Explanation: Tetanus is caused by the neurotoxin **tetanospasmin**, released by *Clostridium tetani*. The toxin acts by blocking the release of inhibitory neurotransmitters (GABA and glycine) from Renshaw cells in the spinal cord [1]. This leads to unchecked excitatory impulses, resulting in generalized muscle rigidity and reflex spasms [1]. **Breakdown of Clinical Features:** * **Dysphagia (Option A):** This occurs due to the involvement of the pharyngeal muscles.
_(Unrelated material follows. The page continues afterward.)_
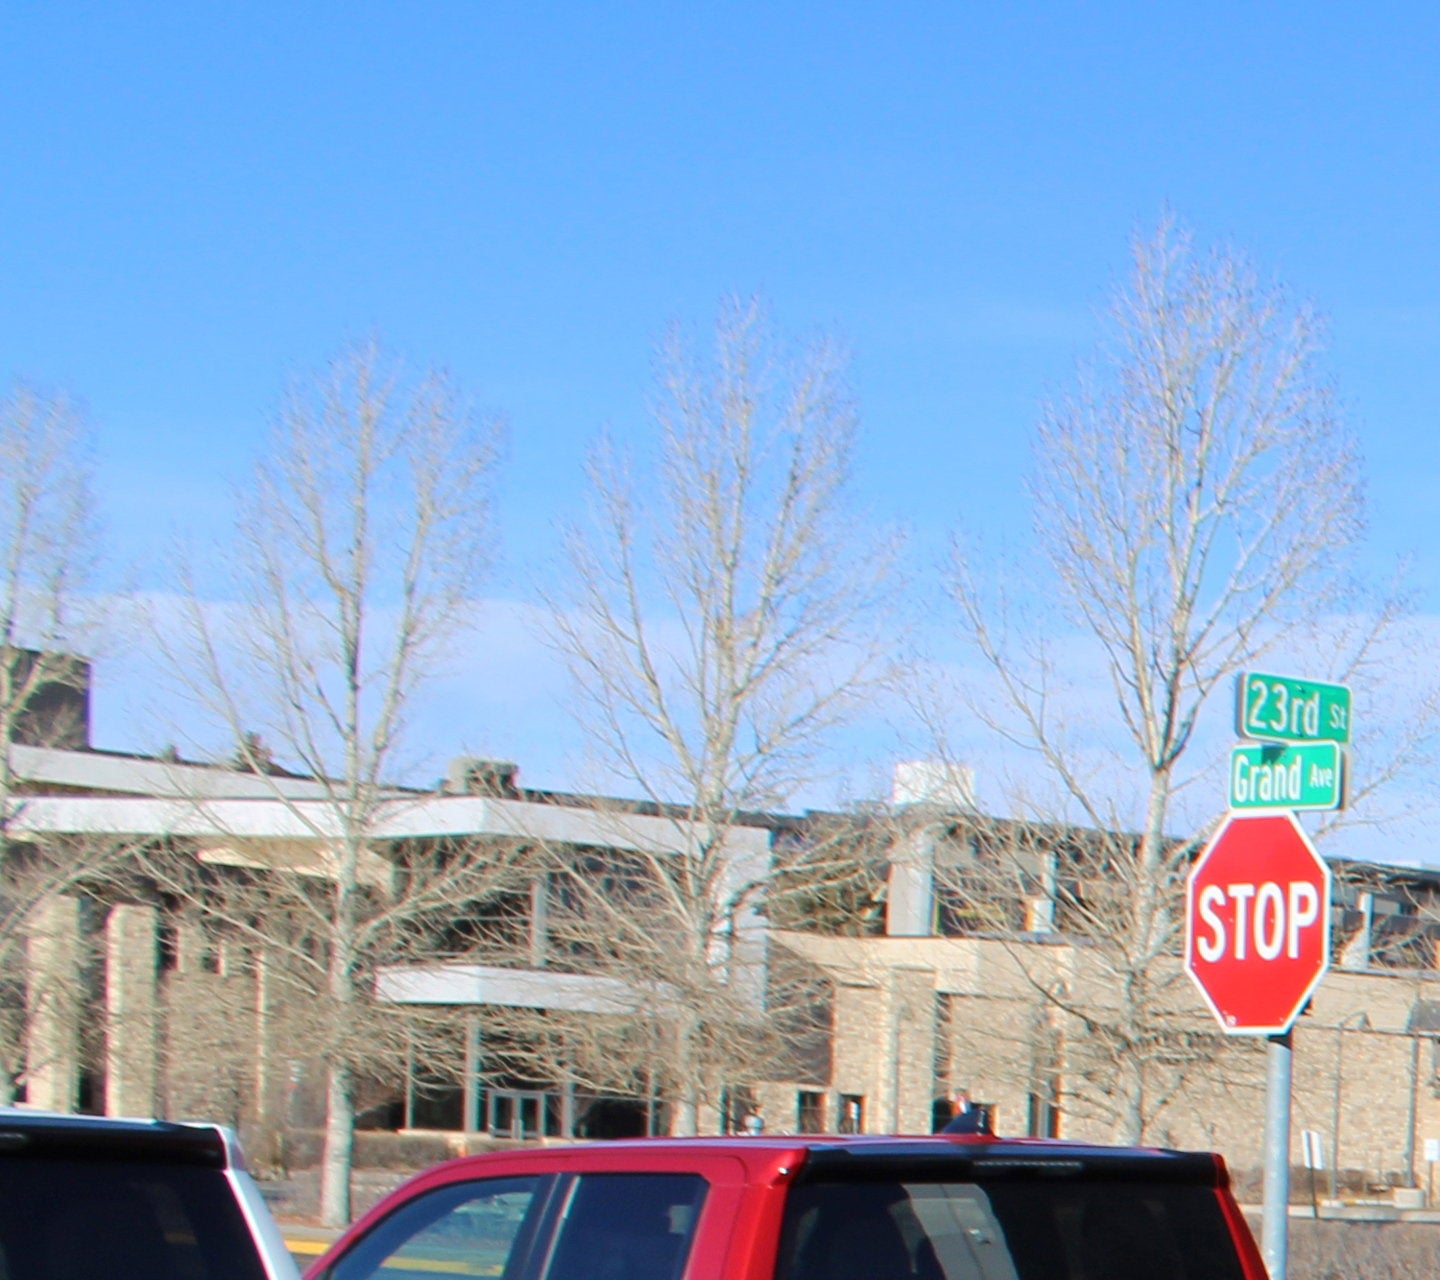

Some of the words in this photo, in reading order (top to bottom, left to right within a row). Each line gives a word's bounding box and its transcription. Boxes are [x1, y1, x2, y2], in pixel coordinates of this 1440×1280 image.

Early in the disease, spasm of the jaw muscles (**Trismus** or "lockjaw") is often followed by stiffness in the neck and difficulty swallowing [1]. * **Risus Sardonicus (Option B):** This is a characteristic "sardonic smile" caused by the sustained contraction of the facial muscles (specifically the *frontalis* and *orbicularis oculi* muscles) and the muscles at the angles of the mouth. * **Opisthotonus (Option C):** This refers to a profound backward arching of the spine caused by the powerful contraction of the paravertebral (extensor) muscles, which overpower the weaker flexor muscles. Since all three features are classic manifestations of generalized tetanus, **Option D** is the correct answer. **High-Yield Clinical Pearls for NEET-PG:** * **Earliest Sign:** Trismus (Lockjaw) is the most common presenting symptom. * **Autonomic Instability:** A major cause of death in modern ICUs, manifesting as labile hypertension, tachycardia, and hyperpyrexia. * **Diagnosis:** Primarily **clinical**. Wound cultures for *C. tetani* are positive in only about 30% of cases [1]. * **Spatula Test:** A high-yield bedside test; touching the posterior pharyngeal wall triggers a reflex bite (positive) instead of a gag reflex (negative). * **Management:** Includes wound debridement, Metronidazole (preferred over Penicillin G), and Human Tetanus Immune Globulin (HTIG).